In coming back from a life-threatening illness Schalk Burger has underlined his status as a national treasure, writes RYAN VREDE.
On Wednesday night in Shanghai at the prestigious Laureus World Sports Awards, Burger was honoured with the organisation's Comeback of the Year Award. The Springbok flanker has rebuilt his body, then his career. Just over a year ago Burger was battling for his life after developing bacterial meningitis. He was advised to say goodbye to his family. He refused.
Of course he did. Burger, as a player, has developed a reputation for being a hard man. In refusing to succumb to the illness he exposed himself as one when it counted most.
I've always been more interested in the mental constitution of players and the life experiences that have shaped that constitution, than I have in their technical and physical prowess. Those technical and physical qualities are shared by many players but the really special ones have a degree of mental strength that is rare and that you cannot coach. It, more than any other quality, sets them apart.

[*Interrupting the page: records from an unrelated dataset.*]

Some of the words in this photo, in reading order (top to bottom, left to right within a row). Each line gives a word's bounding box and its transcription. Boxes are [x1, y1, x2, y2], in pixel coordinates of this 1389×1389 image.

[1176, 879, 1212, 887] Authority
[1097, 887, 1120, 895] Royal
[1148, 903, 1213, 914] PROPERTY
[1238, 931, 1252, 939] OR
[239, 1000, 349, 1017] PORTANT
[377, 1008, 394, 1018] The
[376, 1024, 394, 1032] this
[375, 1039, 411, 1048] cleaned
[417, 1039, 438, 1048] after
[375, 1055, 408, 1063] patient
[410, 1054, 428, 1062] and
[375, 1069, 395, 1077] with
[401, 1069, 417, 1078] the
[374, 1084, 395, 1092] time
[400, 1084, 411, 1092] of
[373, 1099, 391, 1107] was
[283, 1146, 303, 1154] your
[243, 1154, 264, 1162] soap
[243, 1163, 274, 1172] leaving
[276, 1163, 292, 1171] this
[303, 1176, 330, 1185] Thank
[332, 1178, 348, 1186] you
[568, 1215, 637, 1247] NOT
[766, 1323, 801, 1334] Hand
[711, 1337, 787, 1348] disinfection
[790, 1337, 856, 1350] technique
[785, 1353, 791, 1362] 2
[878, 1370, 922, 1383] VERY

That quality owes very little to rugby. It has been forged in them over the course of their personal lives and then shows itself to the benefit of the player and, by extension, the team during the course of matches. Burger is the embodiment of this. When the game of life demanded he show himself as mentally strong, he wasn't found wanting.
Rugby would probably have been the furthest thing from his mind as he stared death in the face. But having come out of that period, he turned his attention to making a comeback. A lesser player would have settled for simply playing once again, accepting that they would never again be able to attain the level of performance they once did. That Burger is turning in performances that, at present, makes him a Springbok certainty speaks volumes about the quality of the player.
On Monday evening in a Premier League fixture at Anfield, Liverpool supporters gave Newcastle United midfielder Jonas Gutierrez a standing ovation as he prepared to come as a substitute. Gutierrez is in his first full season back after missing 17 months of play while battling testicular cancer. It was a touching moment and a stark reminder that a game is just that, a game. The ordeals of athletes like Gutierrez and Burger (among others) force that perspective on us.
I'm ashamed to say it took Burger's Laureus award for me to really appreciate the magnitude of what he has achieved in returning to play. Of course I respected what it required for him to get back on the field, but only in writing this do I fully appreciate just how special a man and athlete he is. Perhaps these words help others appreciate that too.
Burger has never lacked for admirers. He is a world-class player who has sustained an incredibly high level of performance for the duration of his career. But through his brave battle back from the brink of death he has exposed himself as more than an incredibly gifted rugby player. He is a real life Superman and a national treasure.